Summary for 1000 requests per day with 3 records
Now that we have the number of tokens required for each format, we can calculate the costs based on 1000 requests per day.
TOON
TOKENS = 60.
REQUESTS = 1000 per day.
PRICE = $1.25 per 1 million tokens.
DAILY TOTAL = 1000 requests x 60 tokens x $1.25 / 1 000 000 = $0.075.
MONTHLY TOTAL = DAILY TOTAL x 30 days = $2.25.
YEARLY TOTAL = DAILY TOTAL x 365 days = $27.37.
JSON
TOKENS = 90.
REQUESTS = 1000 per day.
PRICE = $1.25 per 1 million tokens.
DAILY TOTAL = 1000 requests x 90 tokens x $1.25 / 1 000 000 = $0.11.
MONTHLY TOTAL = DAILY TOTAL x 30 days = $3.37.
YEARLY TOTAL = DAILY TOTAL x 365 days = $41.25.
| Format | Daily Cost | Monthly Cost | Annual Cost | Savings vs. JSON (Annual) |
|---|---|---|---|---|
| TOON | $0.075 | $2.25 | $27.37 | $13.88 |
| JSON | $0.11 | $3.37 | $41.25 | - |
Summary for 1000 requests per day with 1000 records
The dataset used is same as above, with the difference that we will take the dataset and assume that it has 1000 rows. Unfortunately, the size does matter, as we will see in the math result below.
TOON
TOKENS = 23000.
REQUESTS = 1000 per day.
PRICE = $1.25 per 1 million tokens.
DAILY TOTAL = 1000 requests x 23000 tokens x $1.25 / 1 000 000 = $28.75.
MONTHLY TOTAL = DAILY TOTAL x 30 days = $862.50.

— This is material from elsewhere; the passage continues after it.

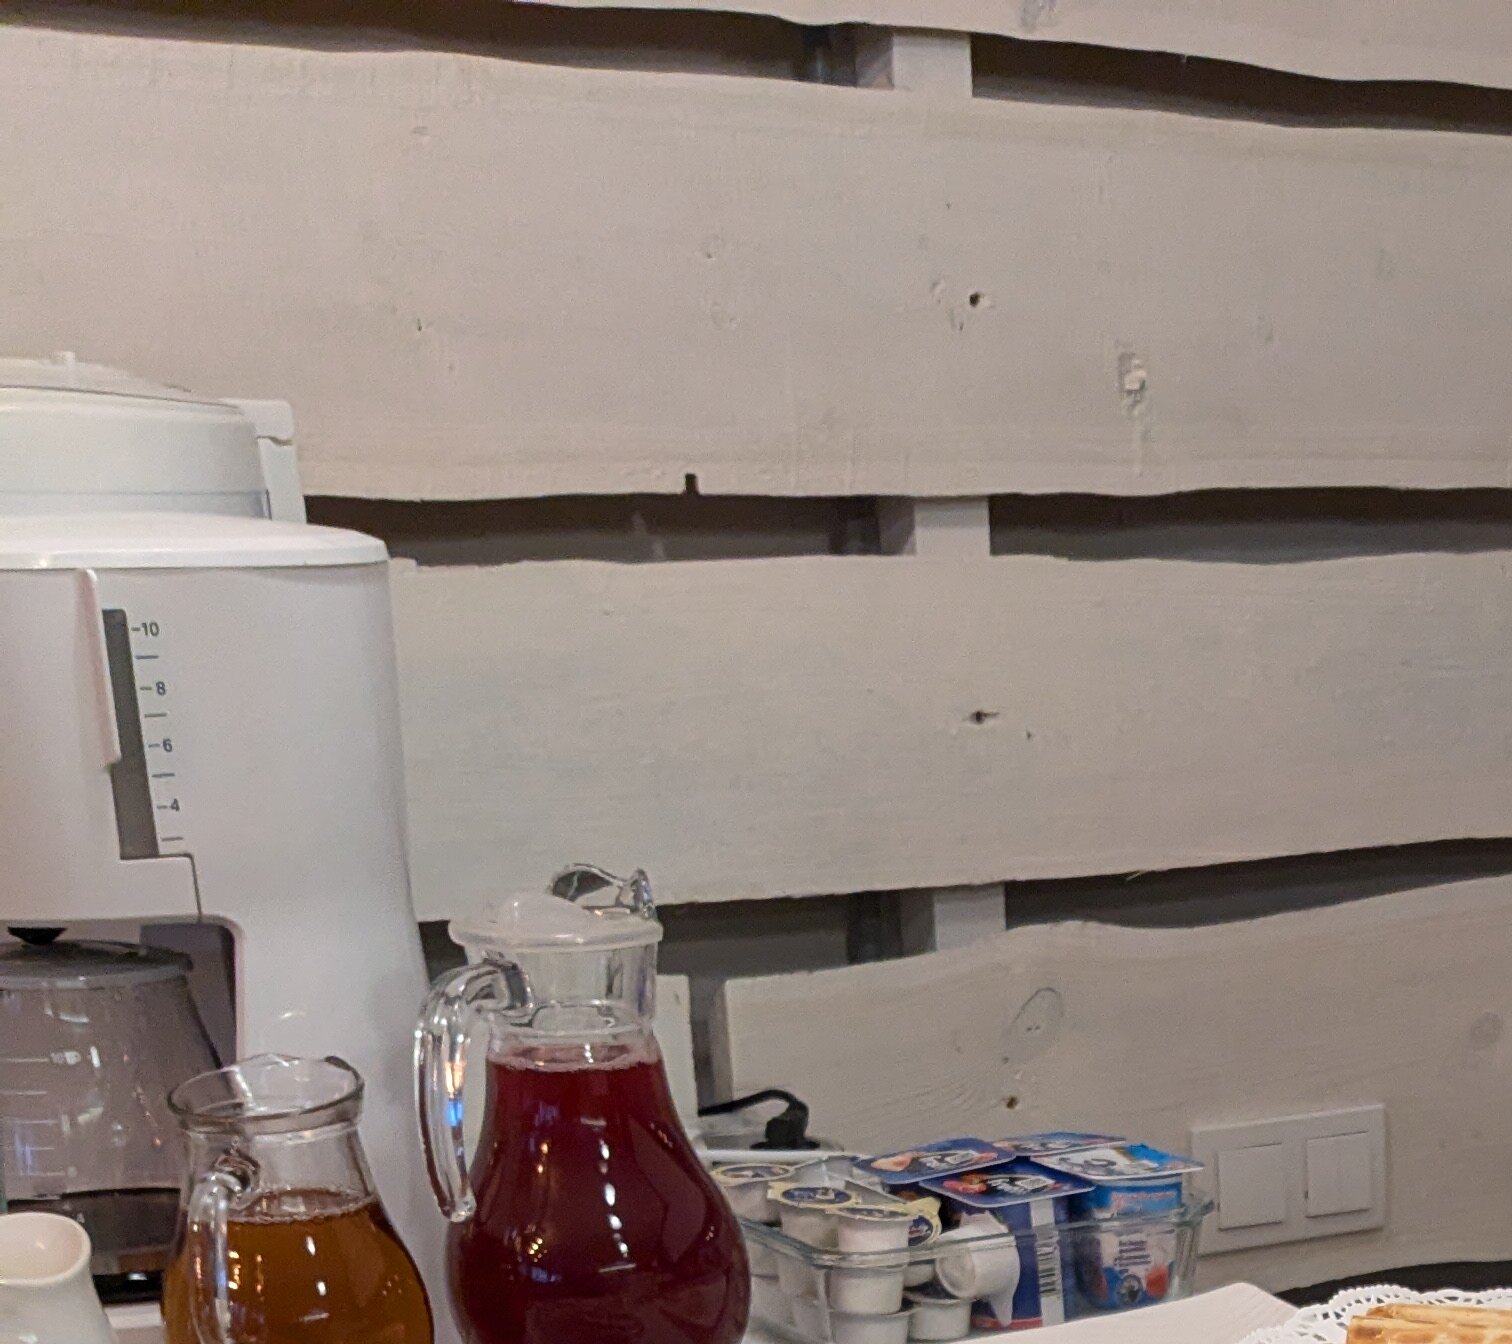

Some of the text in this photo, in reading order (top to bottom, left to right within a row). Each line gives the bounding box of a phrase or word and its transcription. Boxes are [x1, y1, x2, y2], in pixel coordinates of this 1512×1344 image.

YEARLY TOTAL = DAILY TOTAL x 365 days = $10,493.75.
JSON
TOKENS = 44000.
REQUESTS = 1000 per day.
PRICE = $1.25 per 1 million tokens.
DAILY TOTAL = 1000 requests x 44000 tokens x $1.25 / 1 000 000 = $55.00.
MONTHLY TOTAL = DAILY TOTAL x 30 days = $1,650.00.
YEARLY TOTAL = DAILY TOTAL x 365 days = $20,075.00.
| Format | Daily Cost | Monthly Cost | Annual Cost | Savings vs. JSON (Annual) |
|---|---|---|---|---|
| TOON | $28.75 | $862.50 | $10,493.75 | $9,581.25 |
| JSON | $55.00 | $1,650.00 | $20,075.00 | - |
Conclusion
The initial benchmarking confirms significant savings when using TOON format. It seems that it makes sense on a large scale for the data analytics specifically. On a small scale, with the smaller dataset and number of requests, it does look like an overkill and doesn’t provide too much value. This is still relatively new to me and there is a lot to learn and try. However, it does look promising and a legit way to optimize costs for the data analytics tasks using LLM.